• [INFORMATION GIVEN]:

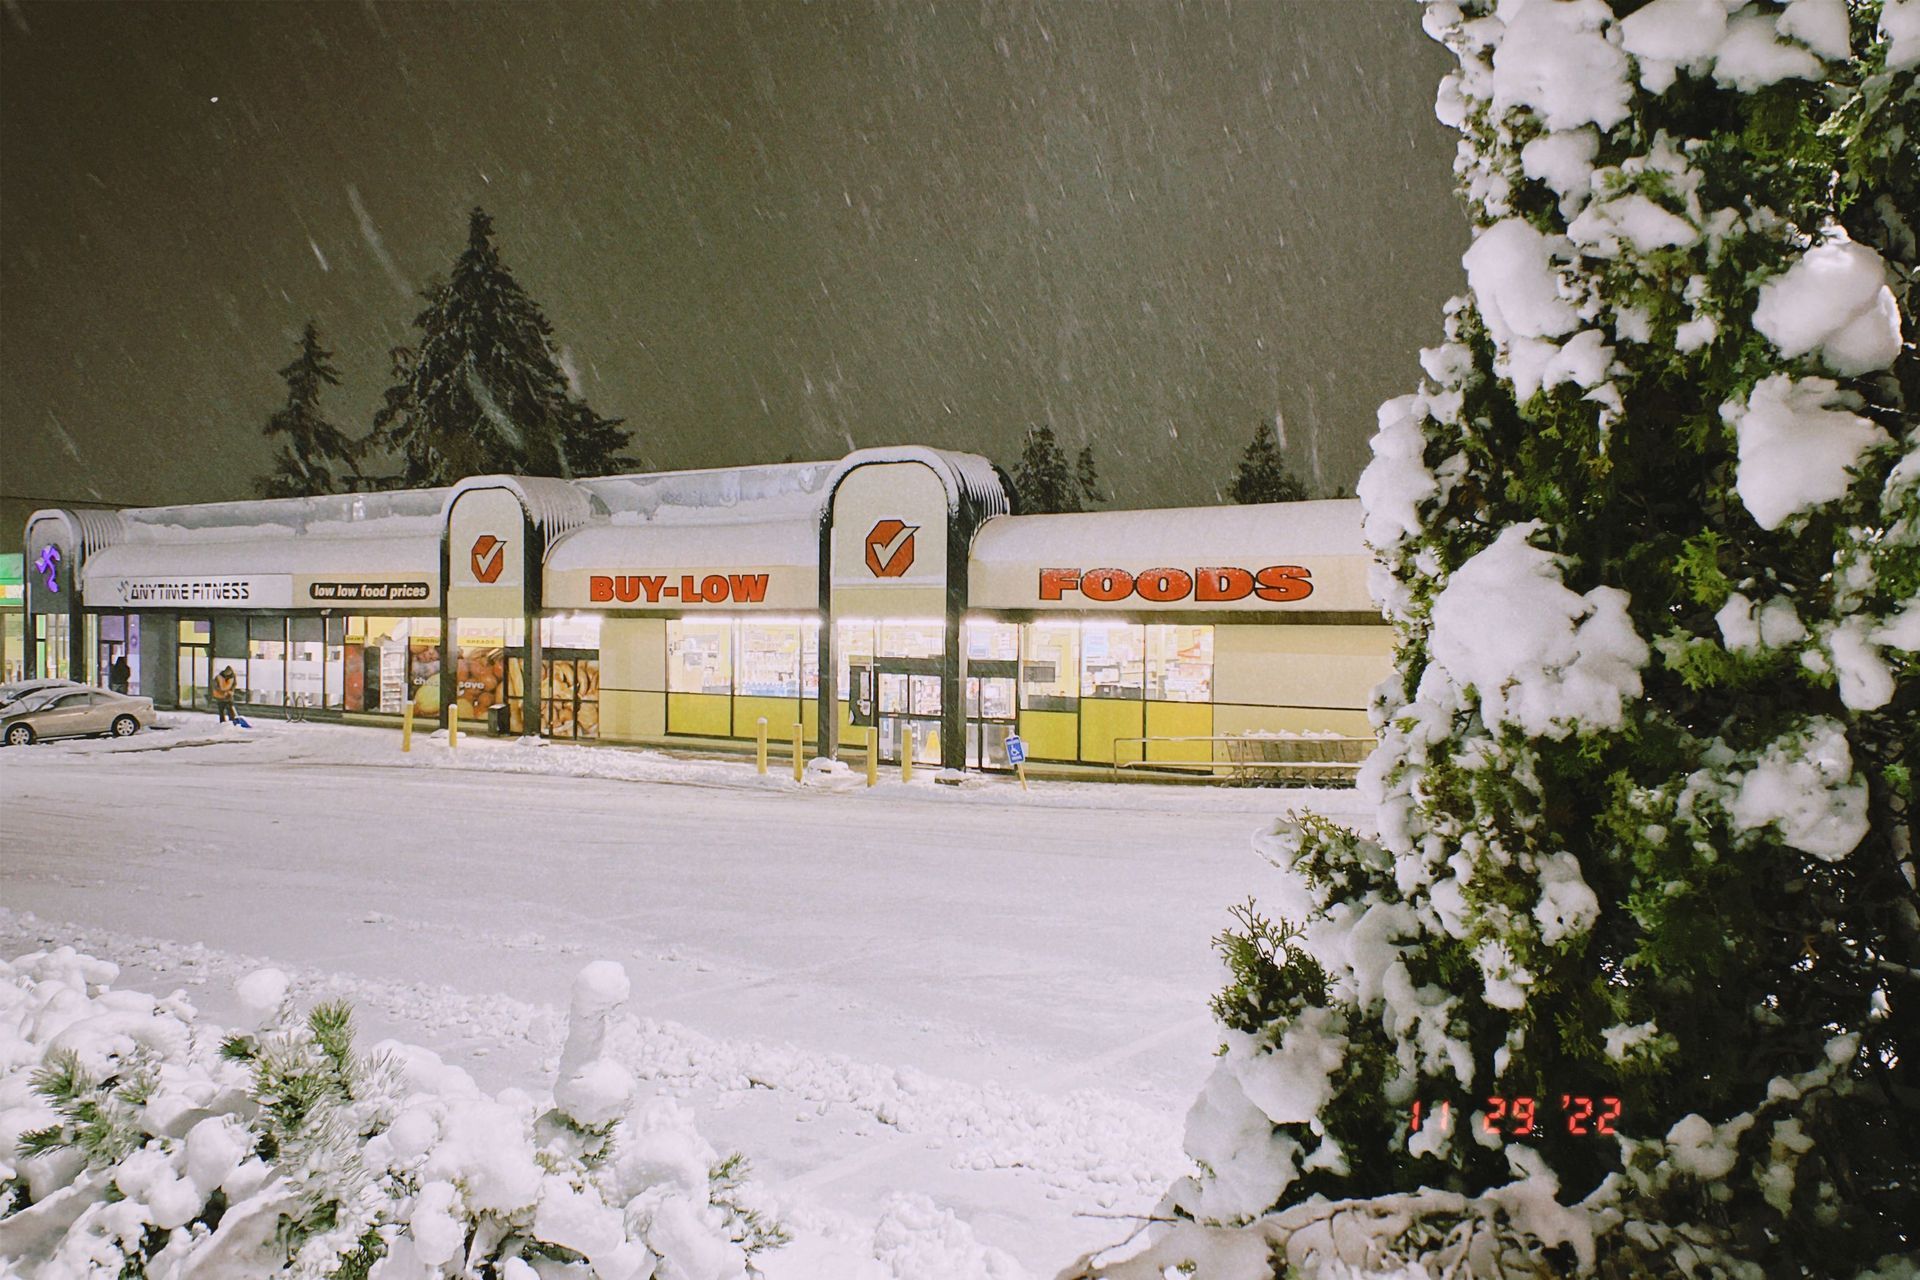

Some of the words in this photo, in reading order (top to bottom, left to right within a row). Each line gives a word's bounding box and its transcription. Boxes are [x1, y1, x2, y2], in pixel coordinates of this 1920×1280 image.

[131, 583, 189, 600] ANYTIME
[192, 582, 249, 600] FITNESS
[314, 584, 335, 597] low
[337, 584, 358, 597] low
[361, 584, 387, 597] food
[389, 584, 427, 600] prices
[590, 574, 769, 603] BUY-LOW
[1039, 565, 1314, 602] FOODS
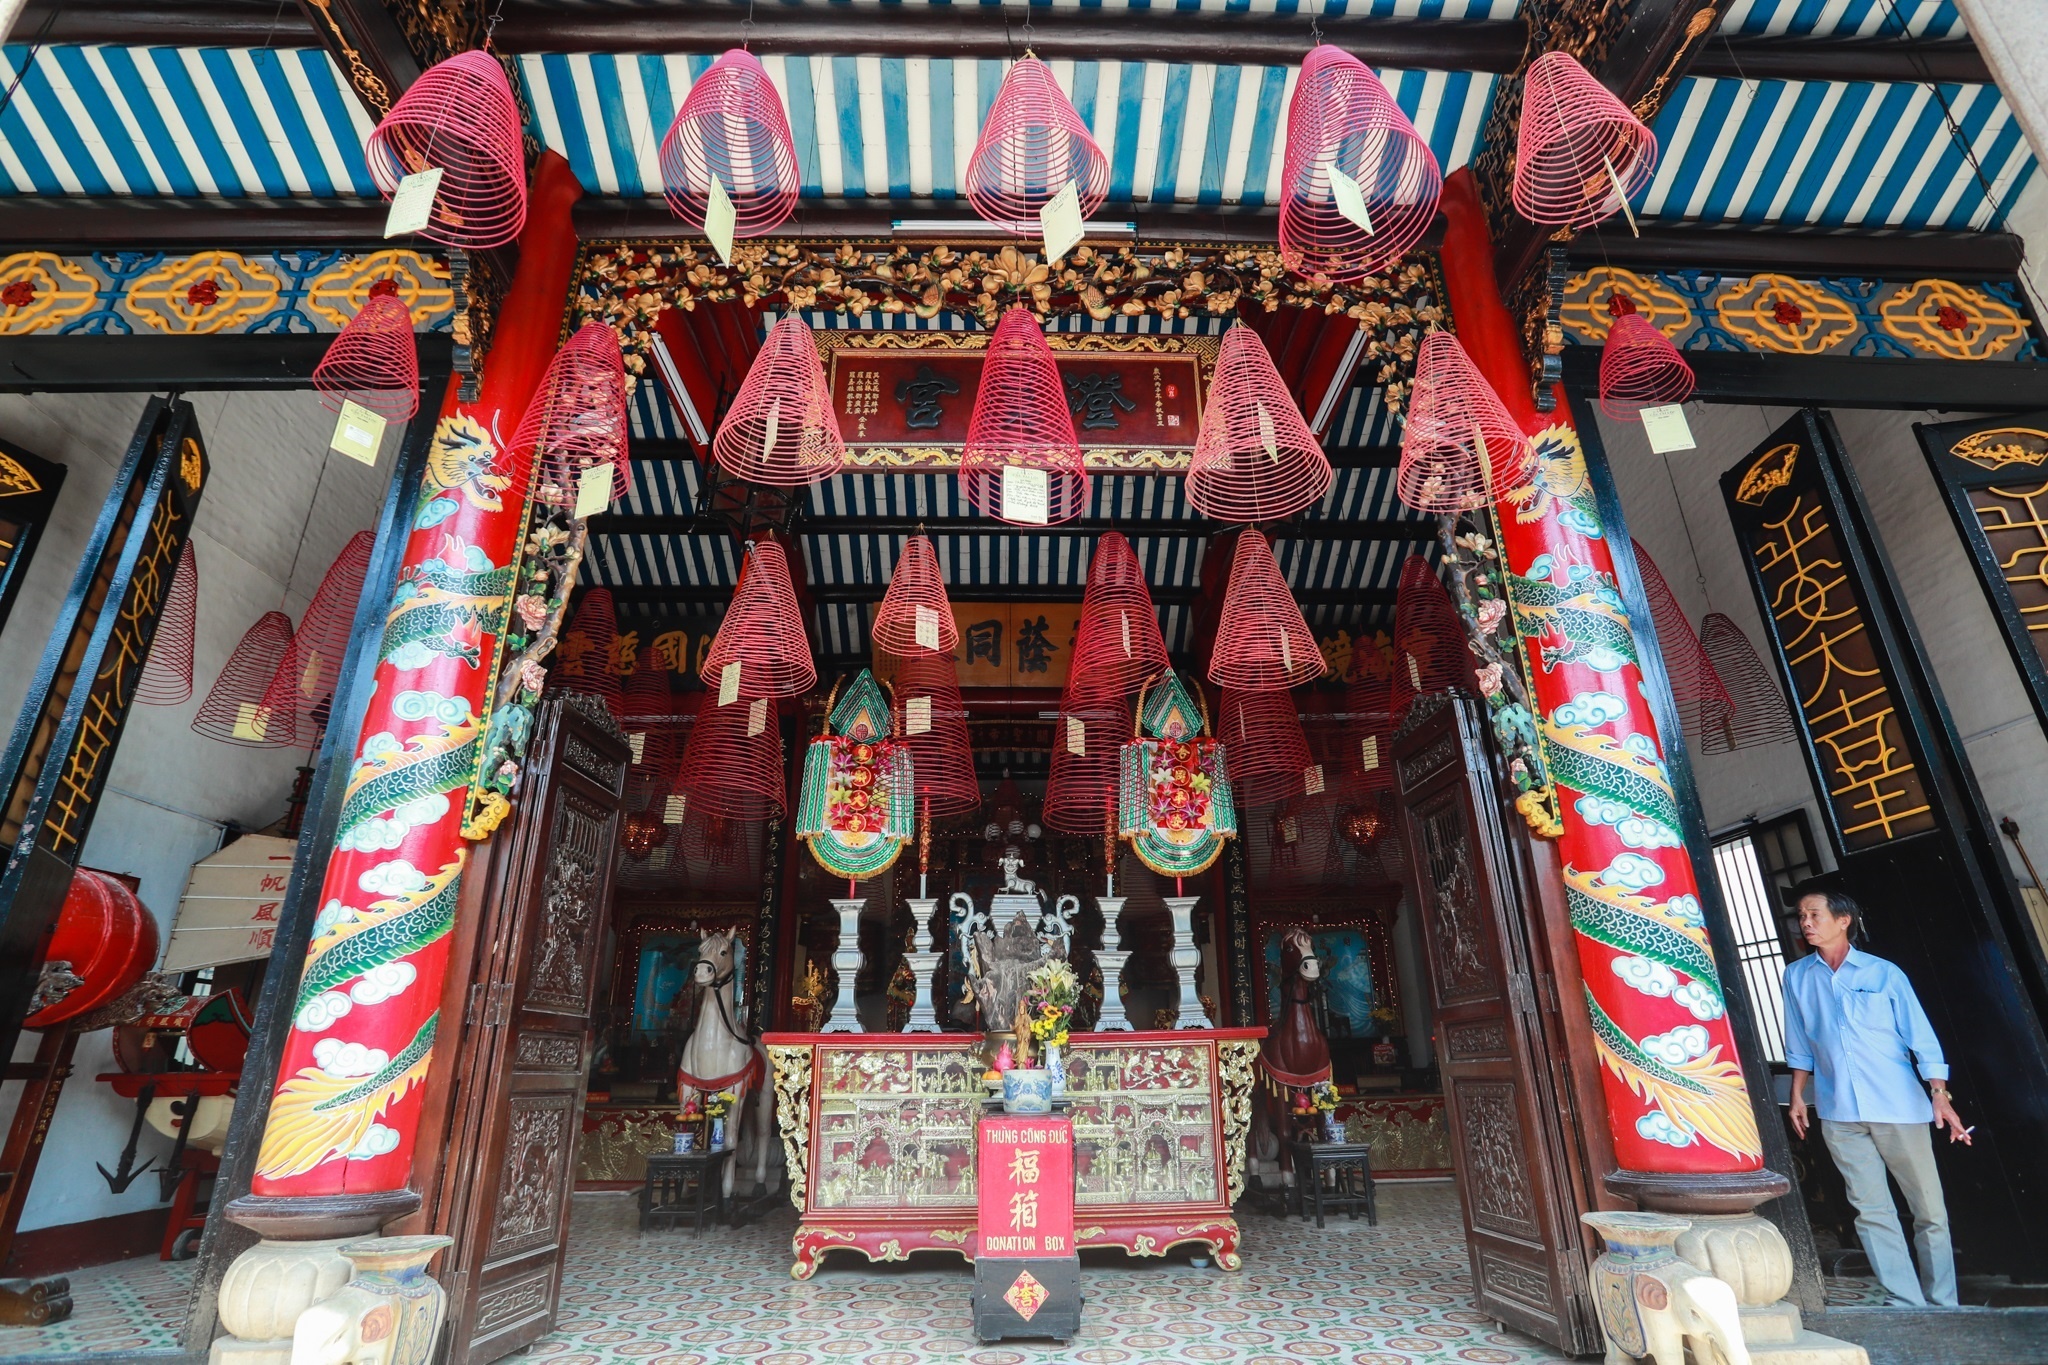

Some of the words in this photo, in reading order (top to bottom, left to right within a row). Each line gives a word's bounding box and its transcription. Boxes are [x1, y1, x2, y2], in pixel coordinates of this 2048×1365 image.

[249, 856, 292, 949] 一帆風順
[986, 1125, 1018, 1144] THÙNG
[1020, 1127, 1047, 1144] CÔNG
[1048, 1124, 1068, 1144] ĐỨC
[1008, 1148, 1040, 1232] 福箱
[986, 1235, 1036, 1251] DONATION
[1045, 1235, 1065, 1251] BOX

• [EXERCISE REQUIREMENTS]: The reply should hold every line of the material above, unchanged, and no pictures.

• [TASK SOLUTION]:
Some of the words in this photo, in reading order (top to bottom, left to right within a row). Each line gives a word's bounding box and its transcription. Boxes are [x1, y1, x2, y2], in pixel coordinates of this 1920×1280 image.

[131, 583, 189, 600] ANYTIME
[192, 582, 249, 600] FITNESS
[314, 584, 335, 597] low
[337, 584, 358, 597] low
[361, 584, 387, 597] food
[389, 584, 427, 600] prices
[590, 574, 769, 603] BUY-LOW
[1039, 565, 1314, 602] FOODS

Some of the words in this photo, in reading order (top to bottom, left to right within a row). Each line gives a word's bounding box and its transcription. Boxes are [x1, y1, x2, y2], in pixel coordinates of this 2048×1365 image.

[249, 856, 292, 949] 一帆風順
[986, 1125, 1018, 1144] THÙNG
[1020, 1127, 1047, 1144] CÔNG
[1048, 1124, 1068, 1144] ĐỨC
[1008, 1148, 1040, 1232] 福箱
[986, 1235, 1036, 1251] DONATION
[1045, 1235, 1065, 1251] BOX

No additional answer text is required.